* **What the exercise asks**
Retype the records exactly.

"""

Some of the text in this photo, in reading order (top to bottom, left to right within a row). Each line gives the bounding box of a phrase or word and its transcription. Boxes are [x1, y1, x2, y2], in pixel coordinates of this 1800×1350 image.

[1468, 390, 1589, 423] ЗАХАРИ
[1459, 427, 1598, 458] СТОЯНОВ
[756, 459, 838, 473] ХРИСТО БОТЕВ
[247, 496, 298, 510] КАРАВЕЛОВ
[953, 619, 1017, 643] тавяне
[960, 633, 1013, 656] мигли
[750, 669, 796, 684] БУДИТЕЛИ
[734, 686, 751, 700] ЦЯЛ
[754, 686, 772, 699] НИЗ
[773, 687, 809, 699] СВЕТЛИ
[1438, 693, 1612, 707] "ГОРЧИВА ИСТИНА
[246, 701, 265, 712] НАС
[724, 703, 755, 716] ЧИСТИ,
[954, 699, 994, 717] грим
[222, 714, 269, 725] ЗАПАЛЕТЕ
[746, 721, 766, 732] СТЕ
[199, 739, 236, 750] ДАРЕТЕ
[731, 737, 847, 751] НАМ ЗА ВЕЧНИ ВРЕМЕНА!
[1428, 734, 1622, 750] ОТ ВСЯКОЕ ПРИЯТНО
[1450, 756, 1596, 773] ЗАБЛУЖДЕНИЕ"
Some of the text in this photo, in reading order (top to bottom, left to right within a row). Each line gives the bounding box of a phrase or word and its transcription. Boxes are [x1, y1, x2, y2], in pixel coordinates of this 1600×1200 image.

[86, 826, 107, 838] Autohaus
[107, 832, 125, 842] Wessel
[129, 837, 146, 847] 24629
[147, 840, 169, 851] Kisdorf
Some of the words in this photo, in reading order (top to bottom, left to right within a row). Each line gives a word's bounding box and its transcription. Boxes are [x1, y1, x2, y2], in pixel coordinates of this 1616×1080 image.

"""

* **Reply**
Some of the text in this photo, in reading order (top to bottom, left to right within a row). Each line gives the bounding box of a phrase or word and its transcription. Boxes are [x1, y1, x2, y2], in pixel coordinates of this 1800×1350 image.

[1468, 390, 1589, 423] ЗАХАРИ
[1459, 427, 1598, 458] СТОЯНОВ
[756, 459, 838, 473] ХРИСТО БОТЕВ
[247, 496, 298, 510] КАРАВЕЛОВ
[953, 619, 1017, 643] тавяне
[960, 633, 1013, 656] мигли
[750, 669, 796, 684] БУДИТЕЛИ
[734, 686, 751, 700] ЦЯЛ
[754, 686, 772, 699] НИЗ
[773, 687, 809, 699] СВЕТЛИ
[1438, 693, 1612, 707] "ГОРЧИВА ИСТИНА
[246, 701, 265, 712] НАС
[724, 703, 755, 716] ЧИСТИ,
[954, 699, 994, 717] грим
[222, 714, 269, 725] ЗАПАЛЕТЕ
[746, 721, 766, 732] СТЕ
[199, 739, 236, 750] ДАРЕТЕ
[731, 737, 847, 751] НАМ ЗА ВЕЧНИ ВРЕМЕНА!
[1428, 734, 1622, 750] ОТ ВСЯКОЕ ПРИЯТНО
[1450, 756, 1596, 773] ЗАБЛУЖДЕНИЕ"
Some of the text in this photo, in reading order (top to bottom, left to right within a row). Each line gives the bounding box of a phrase or word and its transcription. Boxes are [x1, y1, x2, y2], in pixel coordinates of this 1600×1200 image.

[86, 826, 107, 838] Autohaus
[107, 832, 125, 842] Wessel
[129, 837, 146, 847] 24629
[147, 840, 169, 851] Kisdorf
Some of the words in this photo, in reading order (top to bottom, left to right within a row). Each line gives a word's bounding box and its transcription. Boxes are [x1, y1, x2, y2], in pixel coordinates of this 1616×1080 image.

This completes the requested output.